Por que então não soltam mais presos e baixam, na escala, o preço unitário da tornozeleira?

Taxação
Não bastasse a questão cambial, que tanto afeta as exportações com a baixa do dólar, a taxação da soja e do milho soa tão absurda que lembra o havido nos anos 50/60 com a apropriação dos ganhos com o café e que deu até, justamente aqui no Paraná, a marcha da produção detida pelo Exército. A baixa votação do general Lot na eleição presidencial no Paraná se deveu justamente a isso.

Petroleiros
A greve dos petroleiros por ajustes na Participação nos Lucros e Resultados deve ter sido deflagradora da decisão presidencial de aumentar já, embora não no nível necessário, o reajuste dos combustíveis.
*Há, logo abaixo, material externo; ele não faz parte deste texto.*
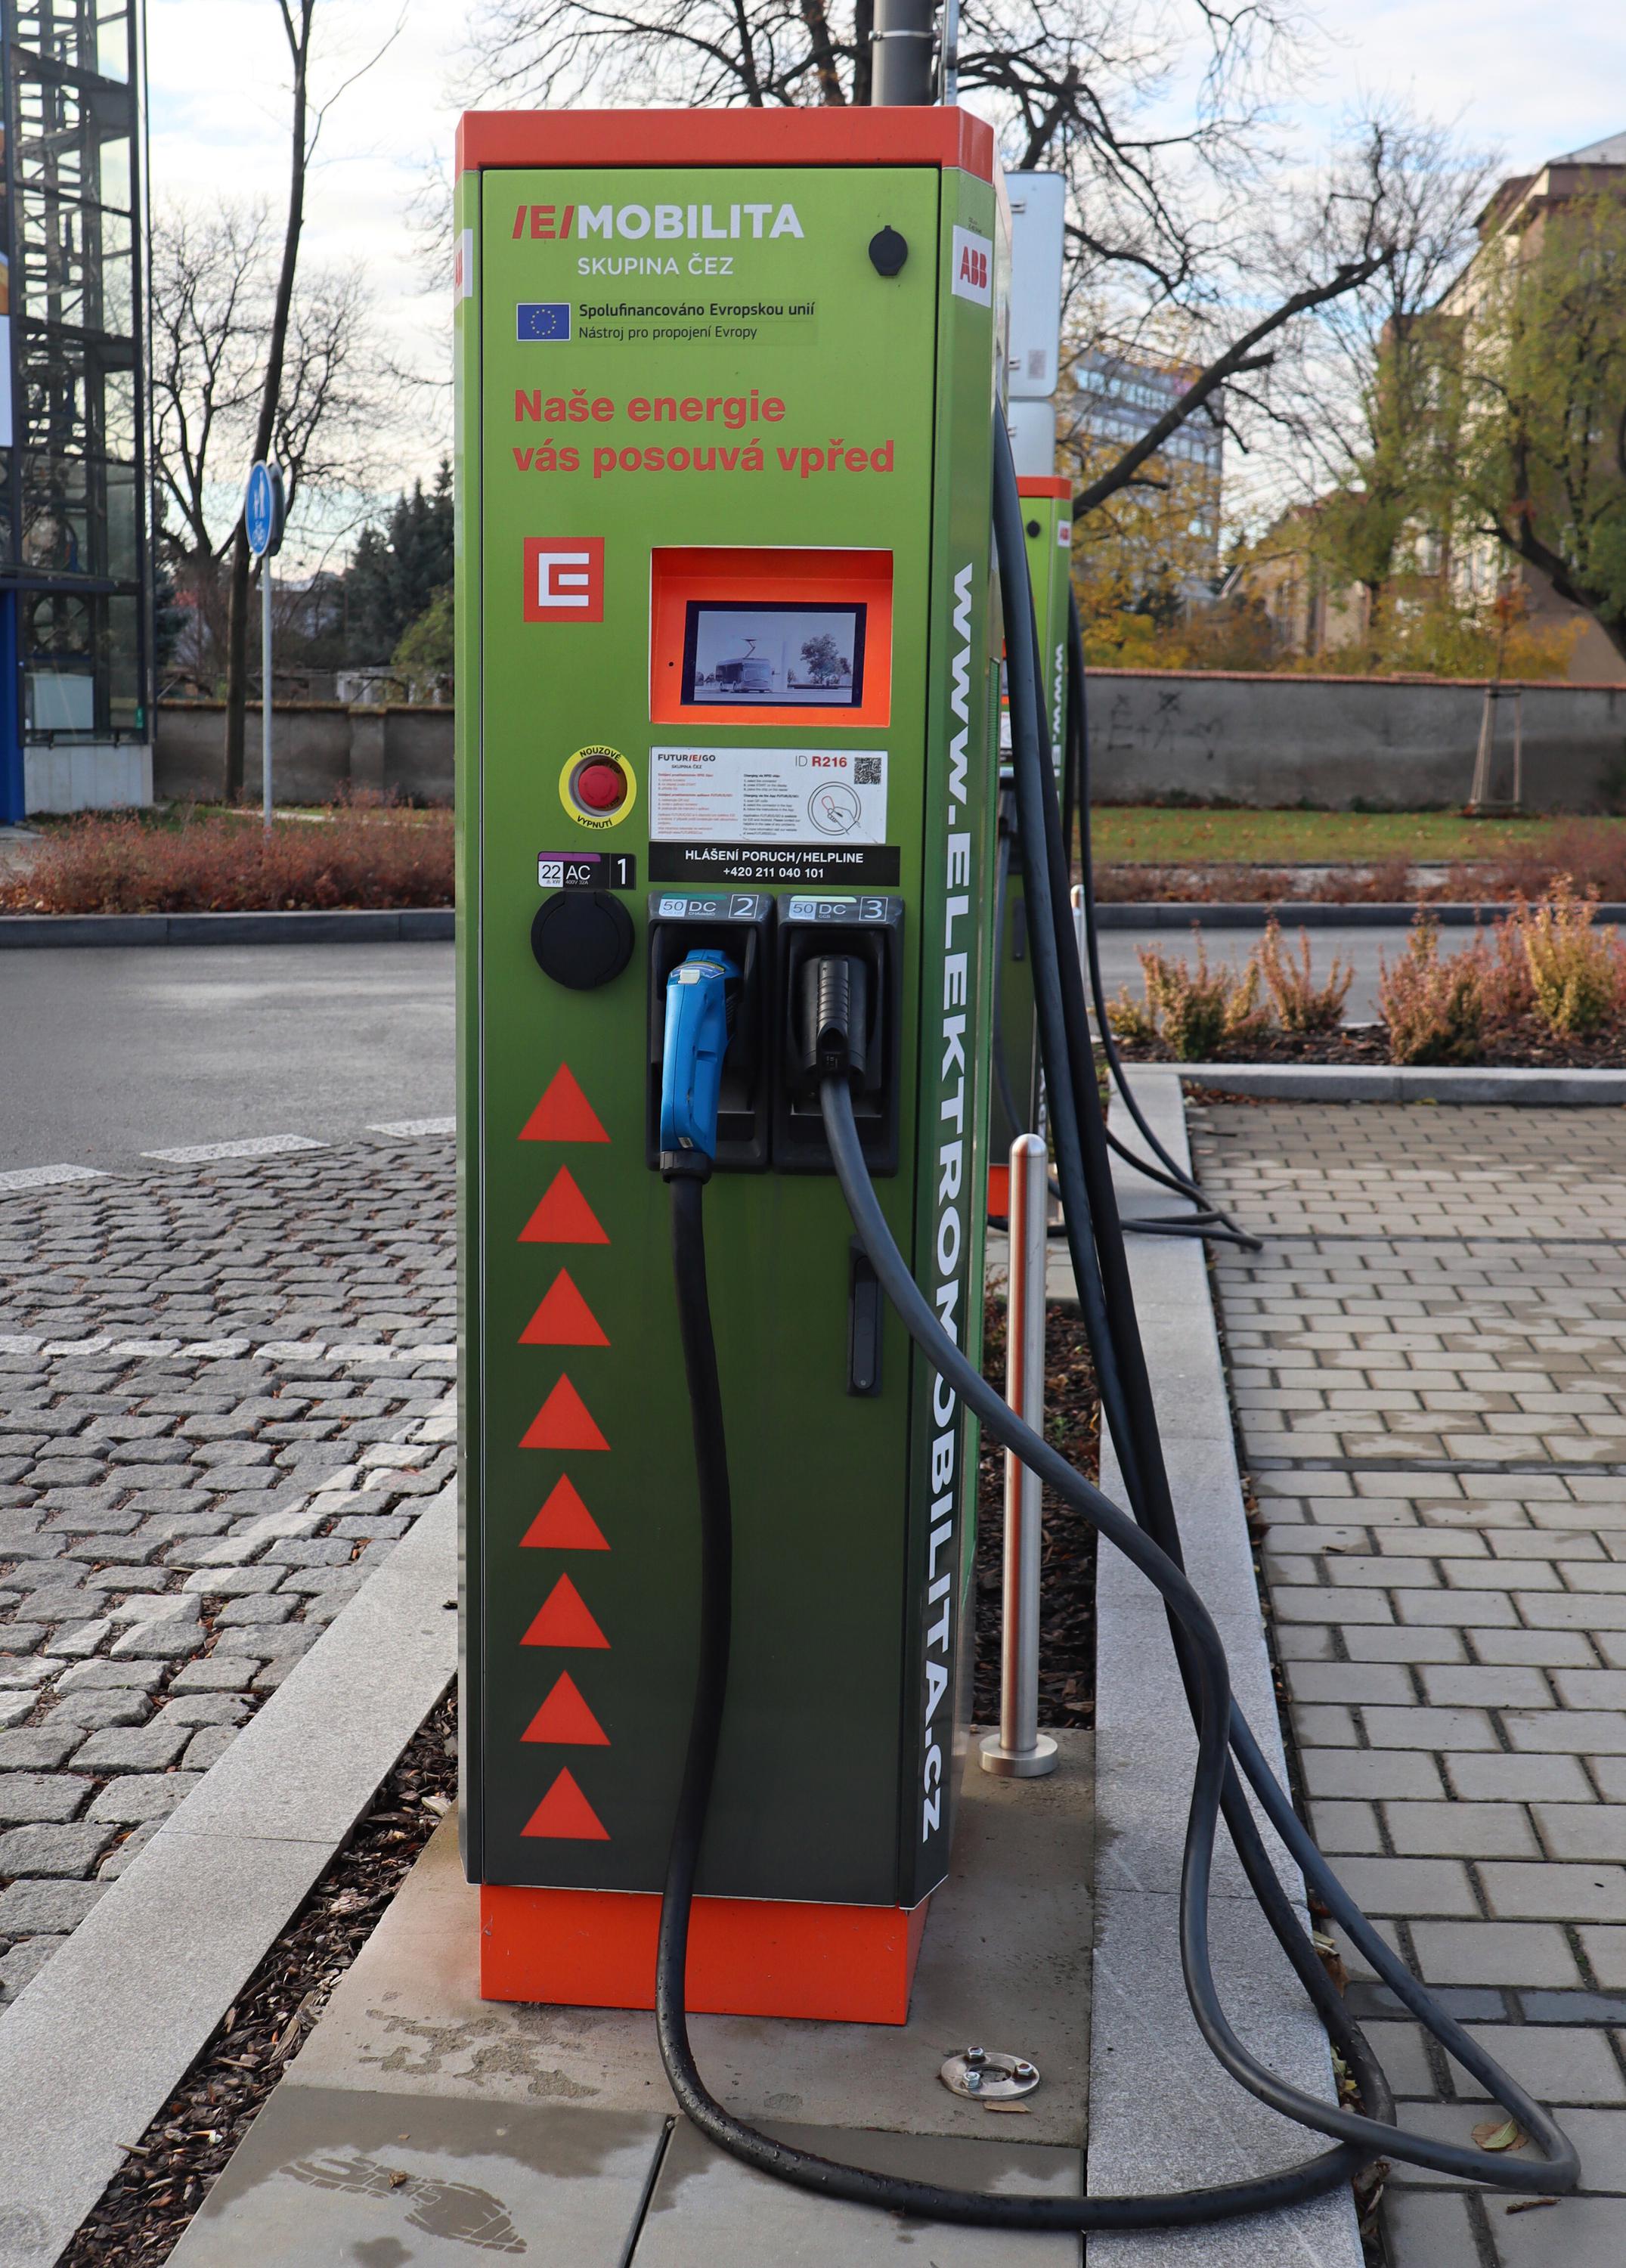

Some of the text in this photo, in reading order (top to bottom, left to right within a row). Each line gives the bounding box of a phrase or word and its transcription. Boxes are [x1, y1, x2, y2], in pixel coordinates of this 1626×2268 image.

[578, 253, 734, 275] SKUPINA ČEZ
[959, 246, 987, 289] ABB
[579, 302, 816, 320] Spolufinancováno Evropskou unií
[579, 325, 757, 342] Nástroj pro propojení Evropy
[515, 389, 785, 429] Naše energie
[513, 438, 894, 479] vás posouvá vpřed
[579, 747, 621, 762] NOUZOVÉ
[795, 755, 847, 767] ID R216
[577, 815, 613, 829] VYPNUTÍ
[685, 848, 739, 861] HLÁŠENÍ
[541, 858, 626, 885] 22 AC 1
[723, 866, 823, 878] +420 211 040 101
[663, 897, 754, 916] 50 DC 2
[793, 900, 882, 919] 50 DC 3
Petrobras estava na posição da lesma quando lhe atiram sal e nem trabalhadores da empresa e muito menos seus acionistas estavam satisfeitos, unidíssimos pela causa.

Folclore
Se o processo indenizatório que condenaria Cassio Taniguchi desapareceu da Vara da Fazenda Pública o que se pode esperar das nossas instituições? E isso não é preciso ir ao CNJ, basta que a Corregedoria local atue.

Marcelo
Marcelo Almeida é Requião para o governo do Paraná, mas está com a dupla Gleisi Hoffmann e Paulo Bernardo nas relações nacionais. É por isso que a reforma secretarial demora tanto e se espera que hoje no café da manhã do PMDB com Beto Richa tudo esteja nos conformes. Ontem, fim da tarde, Caíto Quintana coordenou o encontro da bancada e dirigentes para afinar o discurso para o encontro com o governador.

Referendo
Leis de iniciativa popular como a estadual que proibia a venda da Copel e as demais da CNBB como as federais da ficha limpa e da cassação por compra de votos operam como uma espécie de referendo qualificado (1% do eleitorado e coleta de assinaturas no mínimo em cinco Estados). Indispensável para dar complemento ao princípio da ''democracia direta'' admitida em 1988.